To do
Word for word, please restate the line containing "Some of the text" and all the lines that follow it to the end of the data.

╔══

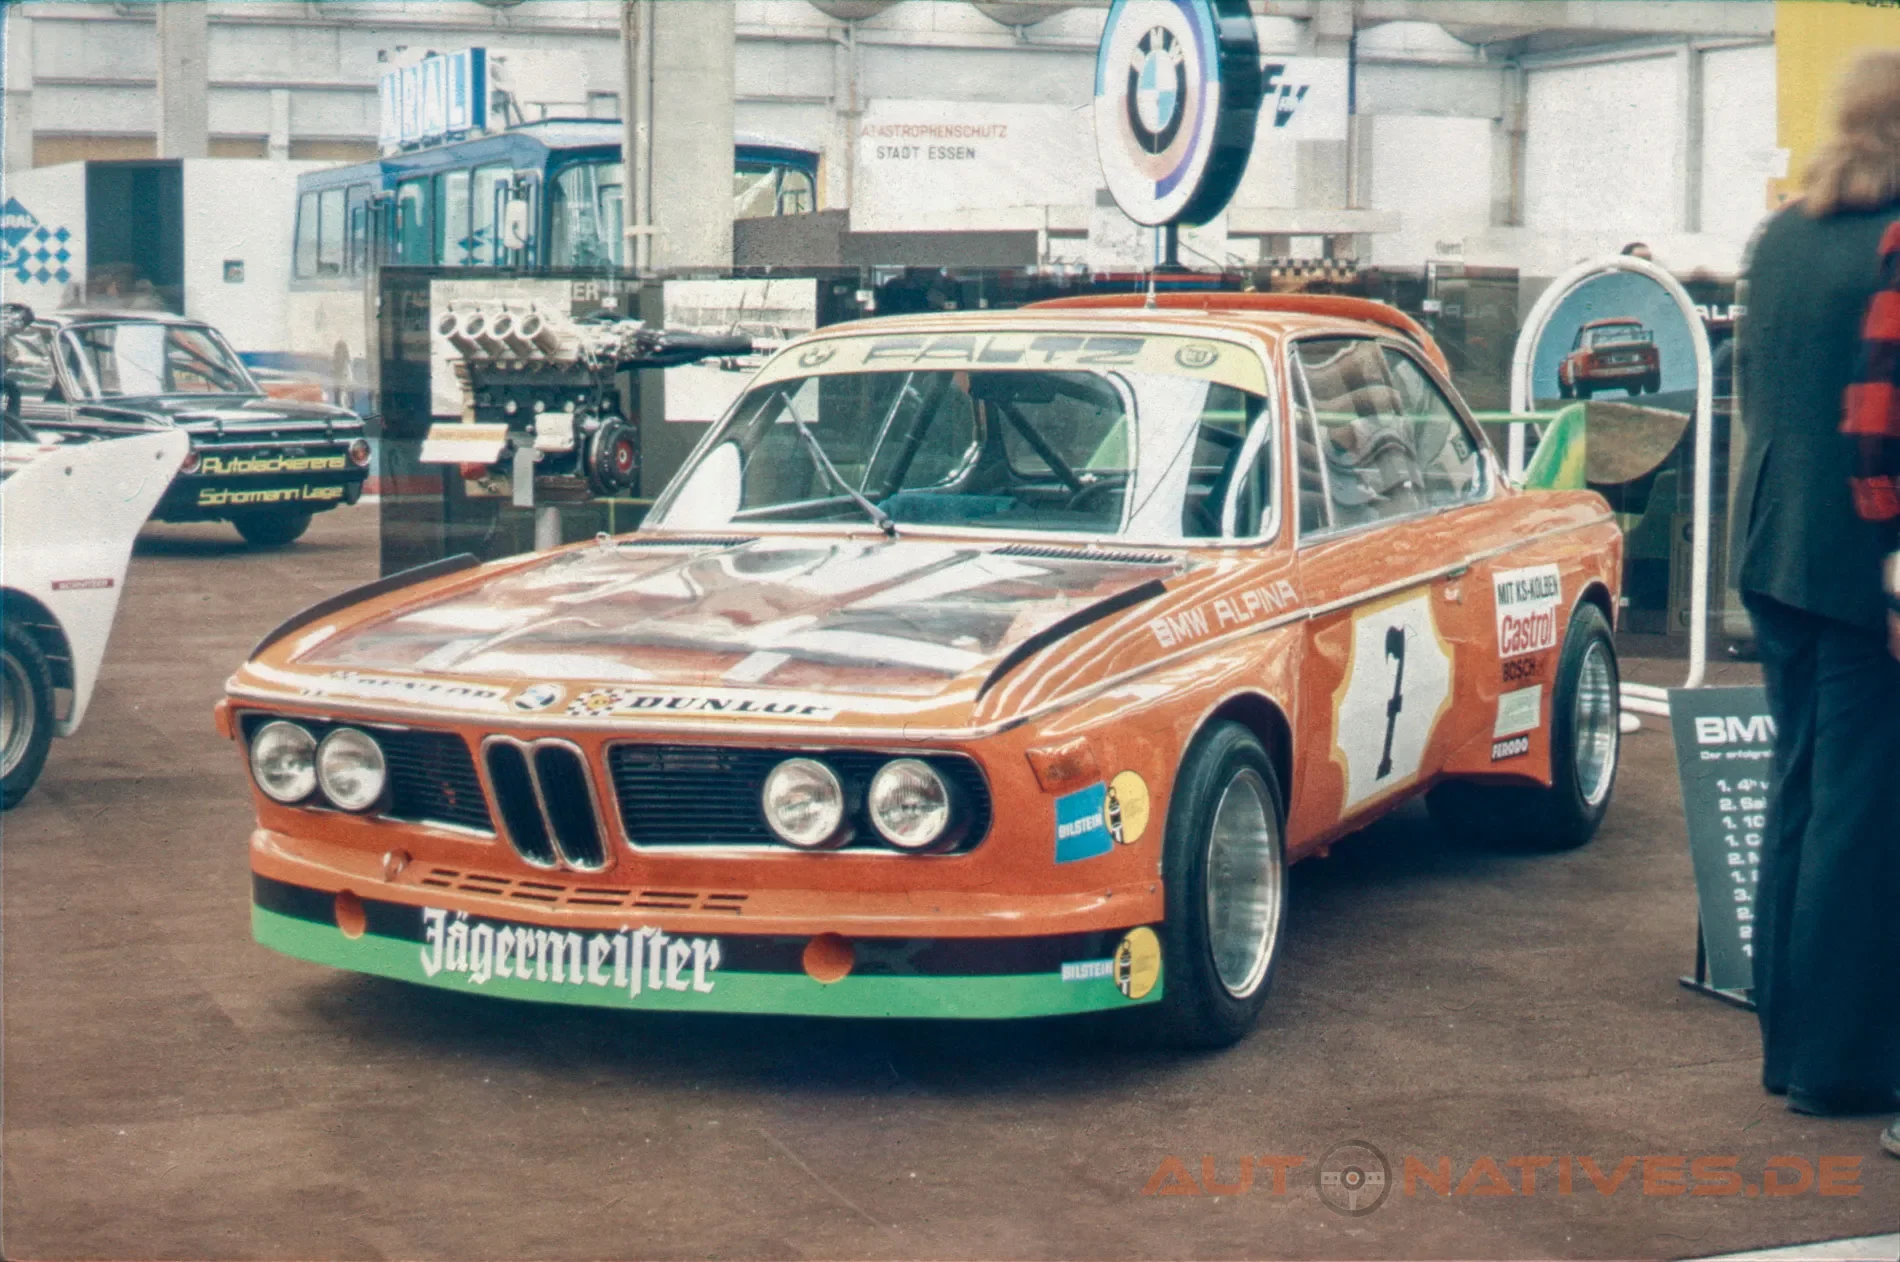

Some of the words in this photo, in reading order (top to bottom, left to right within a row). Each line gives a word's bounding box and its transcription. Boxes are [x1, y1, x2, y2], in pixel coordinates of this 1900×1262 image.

[860, 123, 1008, 138] ATASTROPHENSCHUTZ
[876, 146, 920, 159] STADT
[928, 146, 976, 159] ESSEN
[862, 336, 1147, 366] FALTZ
[1498, 583, 1515, 605] MIT
[1150, 606, 1209, 648] BMW
[1213, 579, 1300, 628] ALPINA
[1503, 609, 1553, 655] Castrol
[1503, 660, 1536, 683] BOSCH
[1493, 738, 1528, 760] FERODO
[1716, 779, 1731, 793] 1.
[1719, 797, 1737, 811] 2.
[1058, 811, 1103, 839] BILSTEIN
[1722, 815, 1737, 830] 1.
[1725, 833, 1740, 847] 1.
[1728, 852, 1745, 866] 2.
[1731, 870, 1746, 883] 1.
[1733, 888, 1752, 901] 3.
[1061, 960, 1114, 981] BILSTEIN
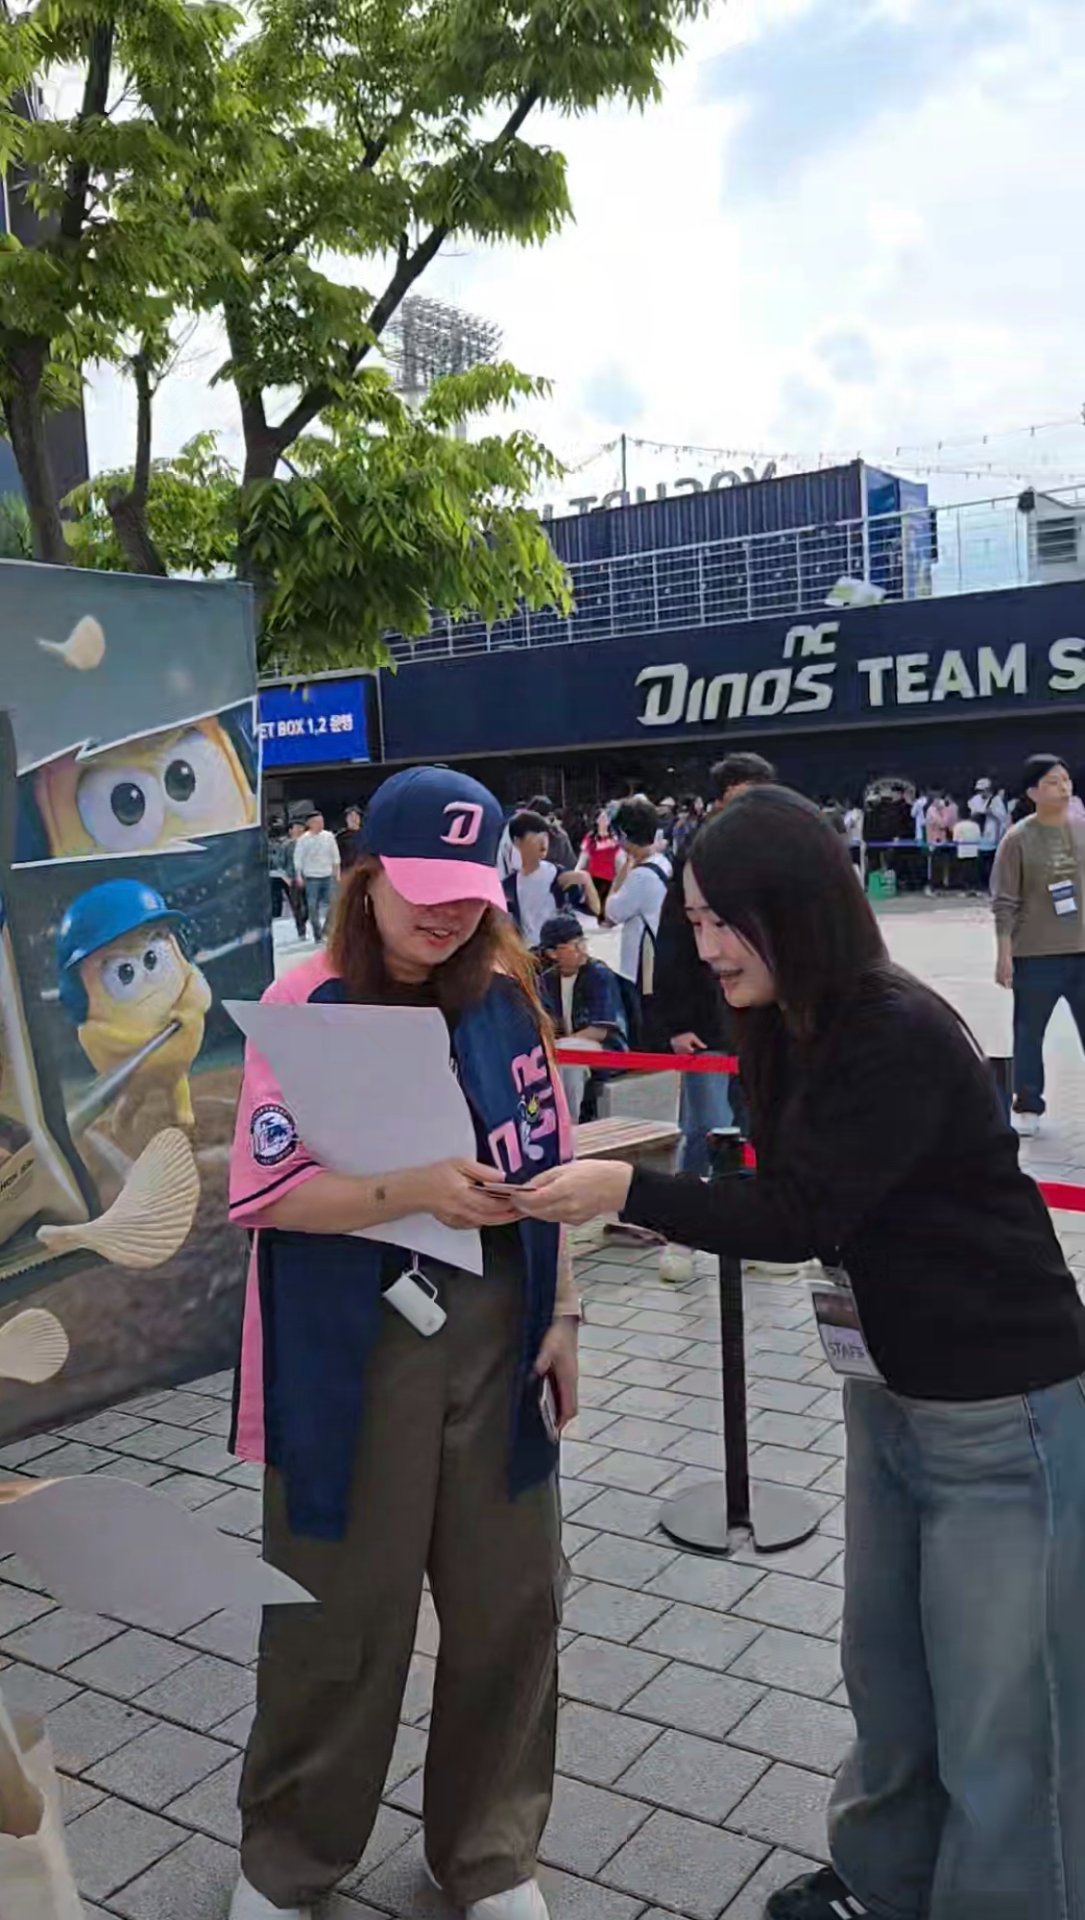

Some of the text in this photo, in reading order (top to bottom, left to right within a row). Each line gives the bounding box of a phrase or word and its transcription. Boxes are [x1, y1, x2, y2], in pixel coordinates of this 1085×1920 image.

[857, 642, 1027, 706] TEAM
[277, 719, 305, 737] BOX
[440, 801, 483, 845] D

╚══

Output for this task
Some of the text in this photo, in reading order (top to bottom, left to right within a row). Each line gives the bounding box of a phrase or word and its transcription. Boxes are [x1, y1, x2, y2], in pixel coordinates of this 1085×1920 image.

[857, 642, 1027, 706] TEAM
[277, 719, 305, 737] BOX
[440, 801, 483, 845] D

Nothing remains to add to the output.